### WORK REQUIRED
Exactly the lines from the one containing "this 1600×2048 image." to the last line of the records, inclusive, are to be transcribed; include no others.

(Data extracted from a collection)
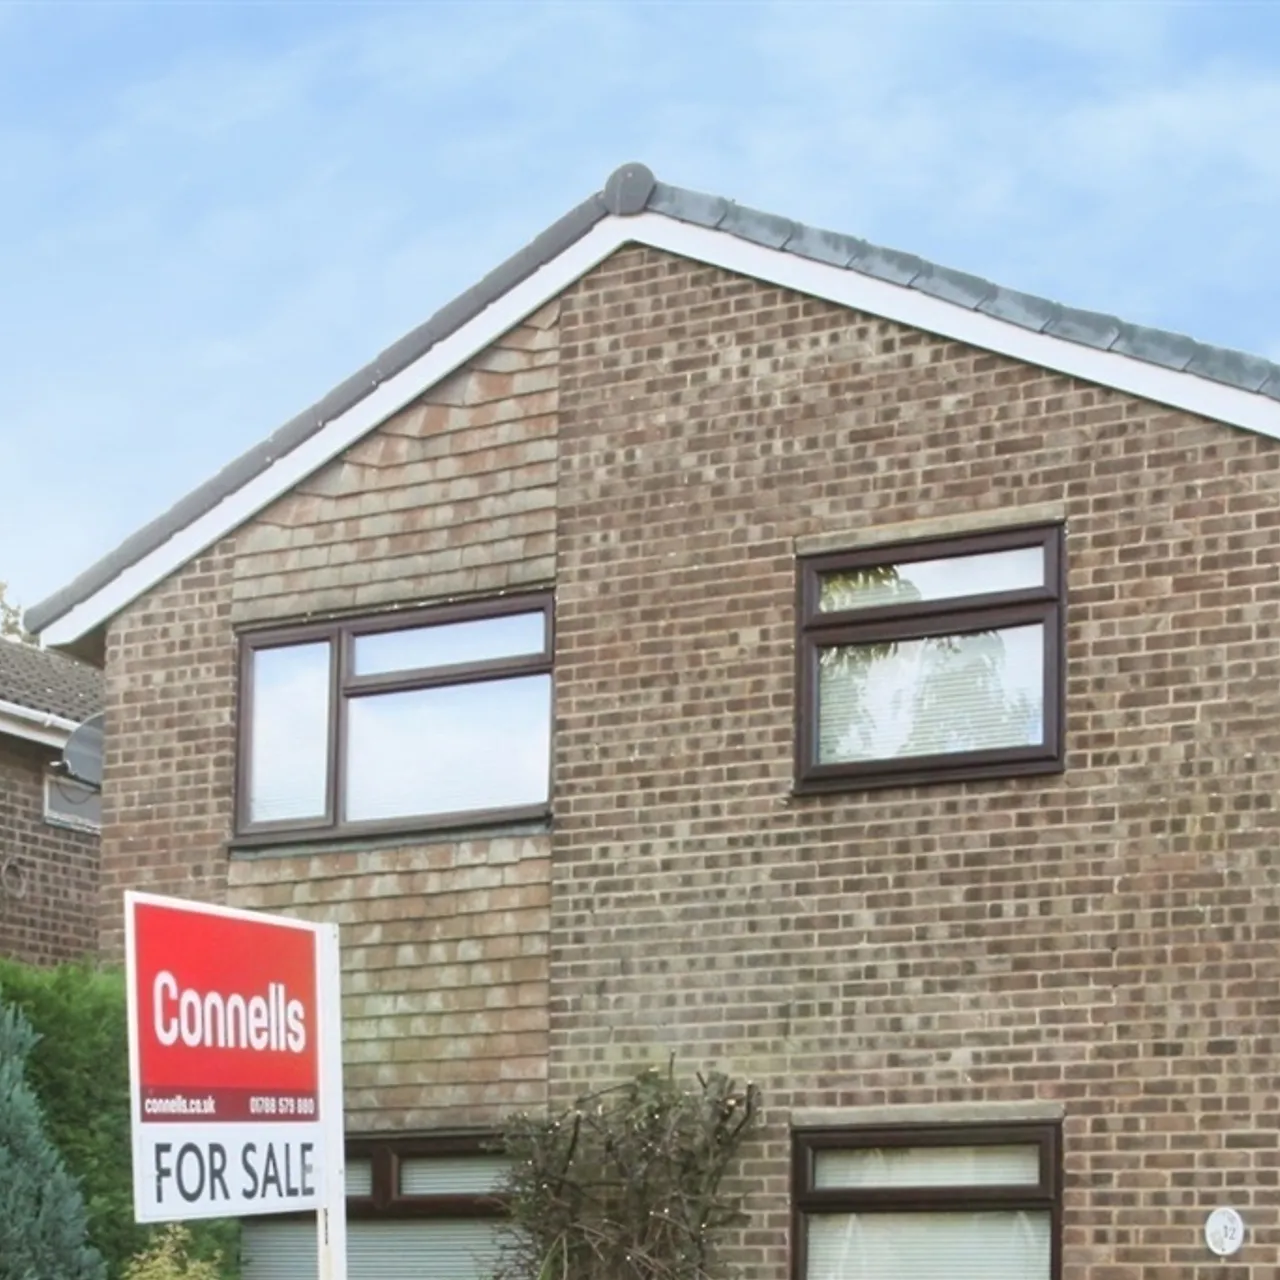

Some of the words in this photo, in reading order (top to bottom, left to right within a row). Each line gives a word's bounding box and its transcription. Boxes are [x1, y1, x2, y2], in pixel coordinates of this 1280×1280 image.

[153, 970, 306, 1053] Connells
[145, 1095, 216, 1114] connells.co.uk
[154, 1142, 230, 1203] FOR
[241, 1142, 315, 1200] SALE
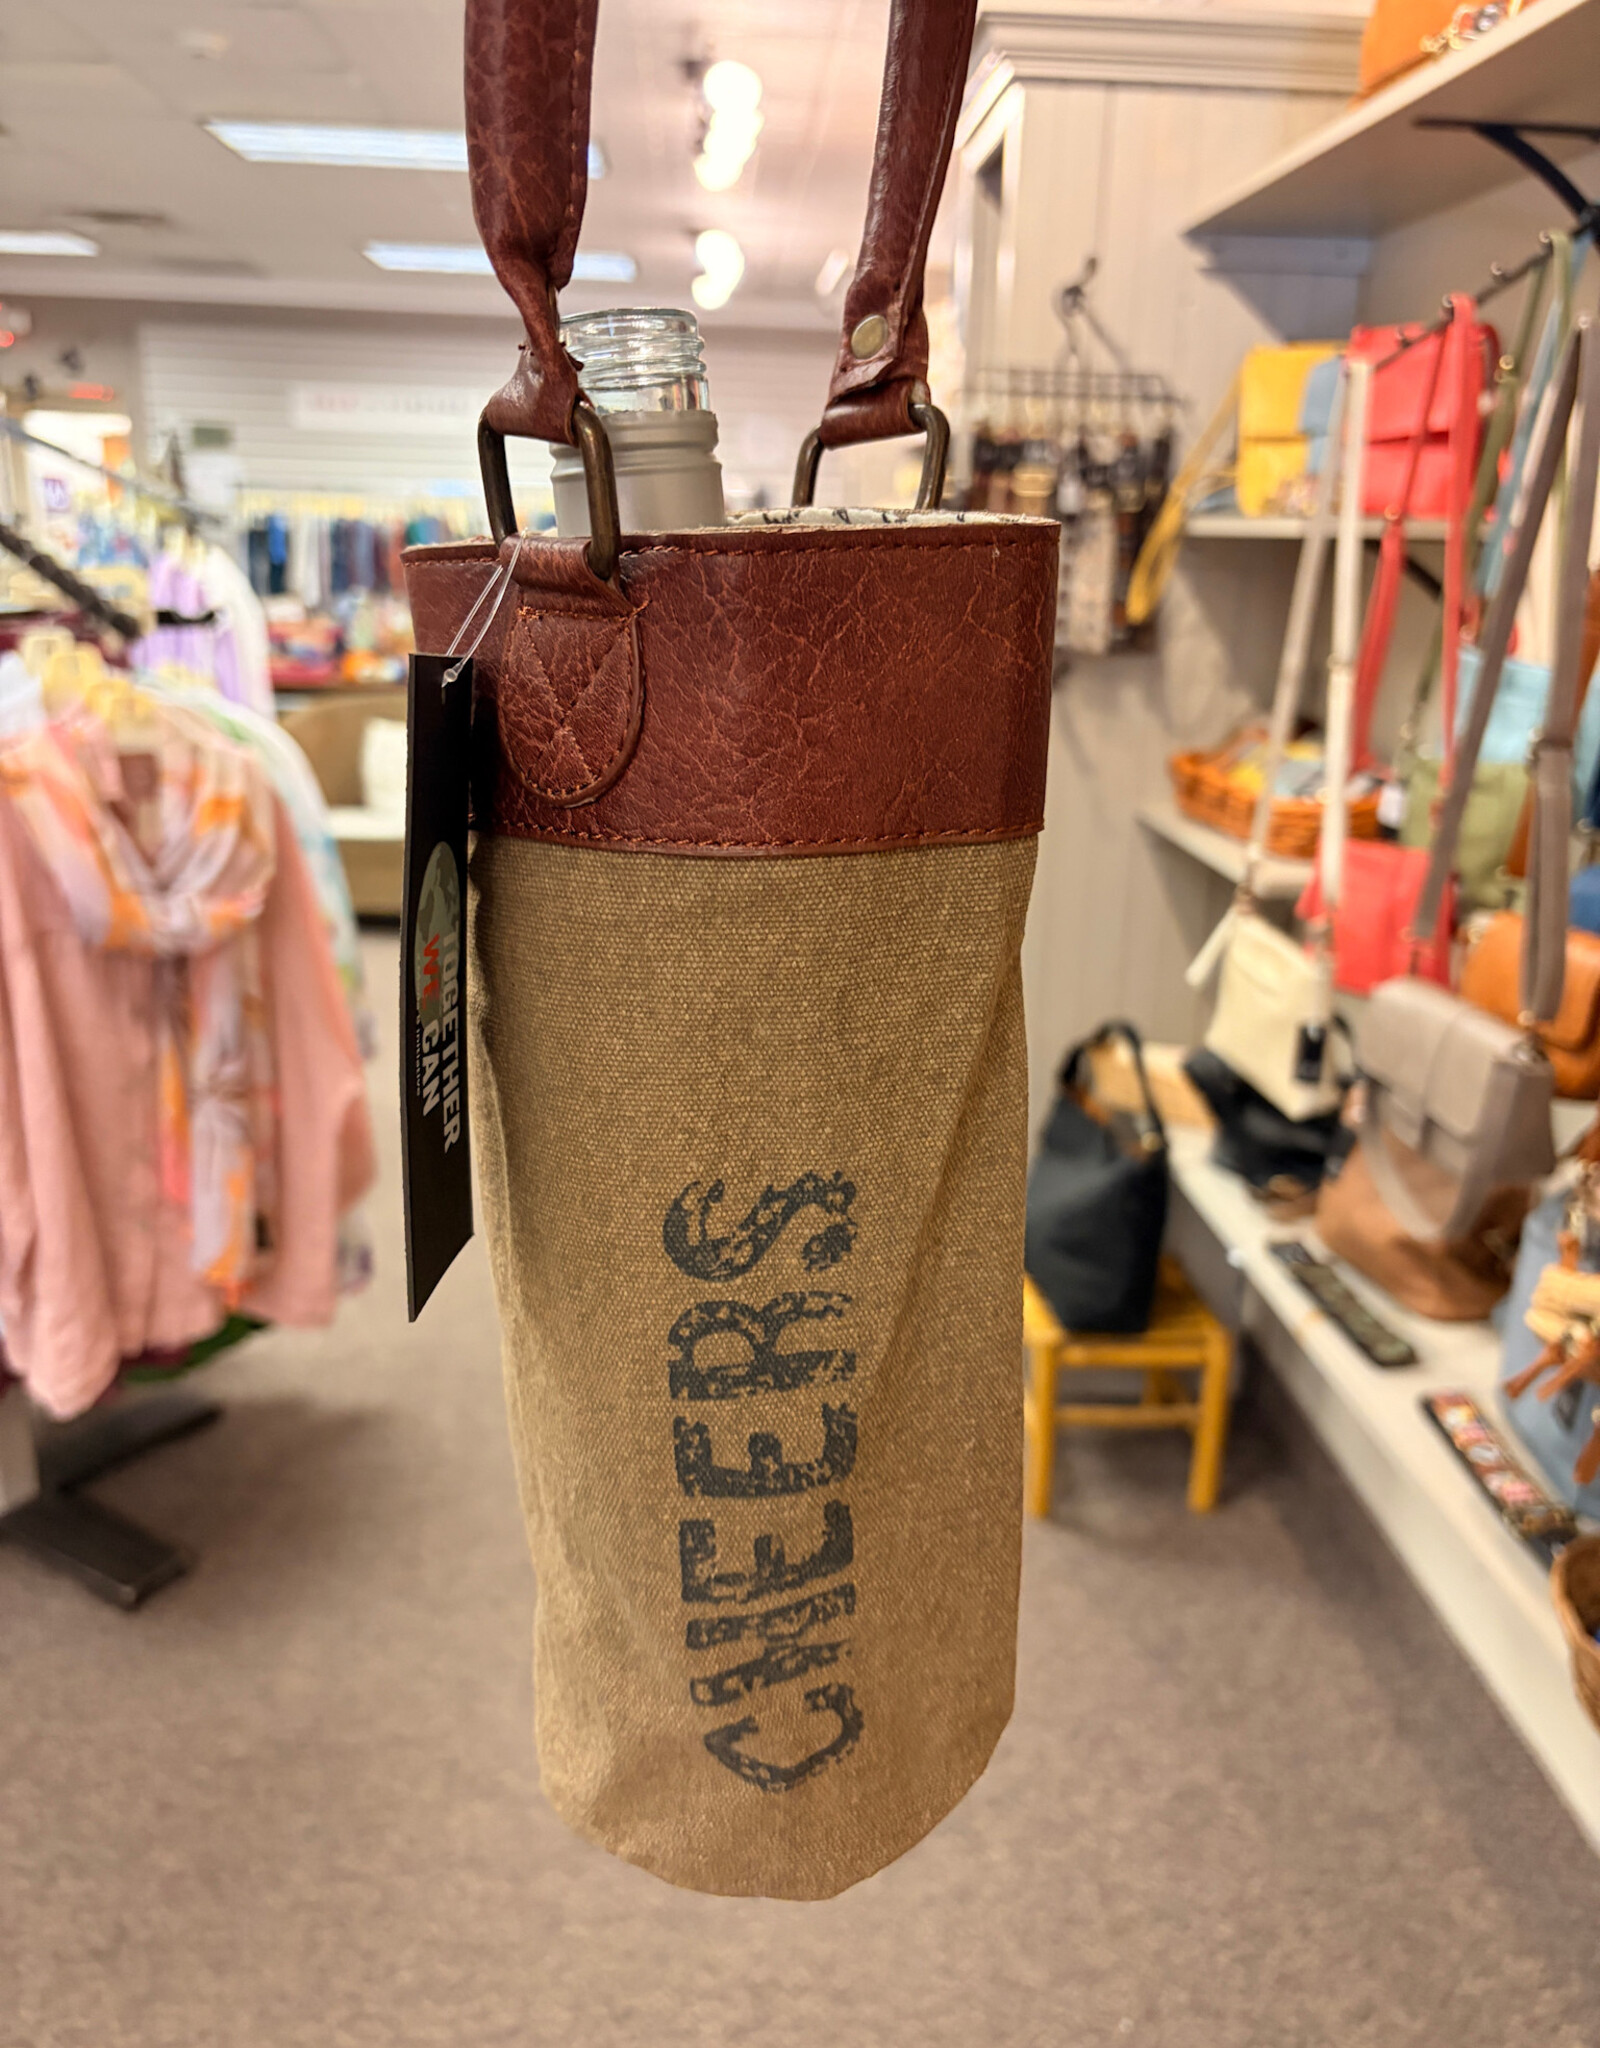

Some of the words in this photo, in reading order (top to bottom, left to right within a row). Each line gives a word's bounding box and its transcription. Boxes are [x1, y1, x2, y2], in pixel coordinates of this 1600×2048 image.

[422, 932, 440, 1011] WE
[443, 922, 460, 1153] TOGETHER
[422, 1019, 440, 1116] CAN
[662, 1169, 865, 1794] CHEERS

### SOLUTION FOR THIS TASK
Some of the words in this photo, in reading order (top to bottom, left to right within a row). Each line gives a word's bounding box and its transcription. Boxes are [x1, y1, x2, y2], in pixel coordinates of this 1600×2048 image.

[422, 932, 440, 1011] WE
[443, 922, 460, 1153] TOGETHER
[422, 1019, 440, 1116] CAN
[662, 1169, 865, 1794] CHEERS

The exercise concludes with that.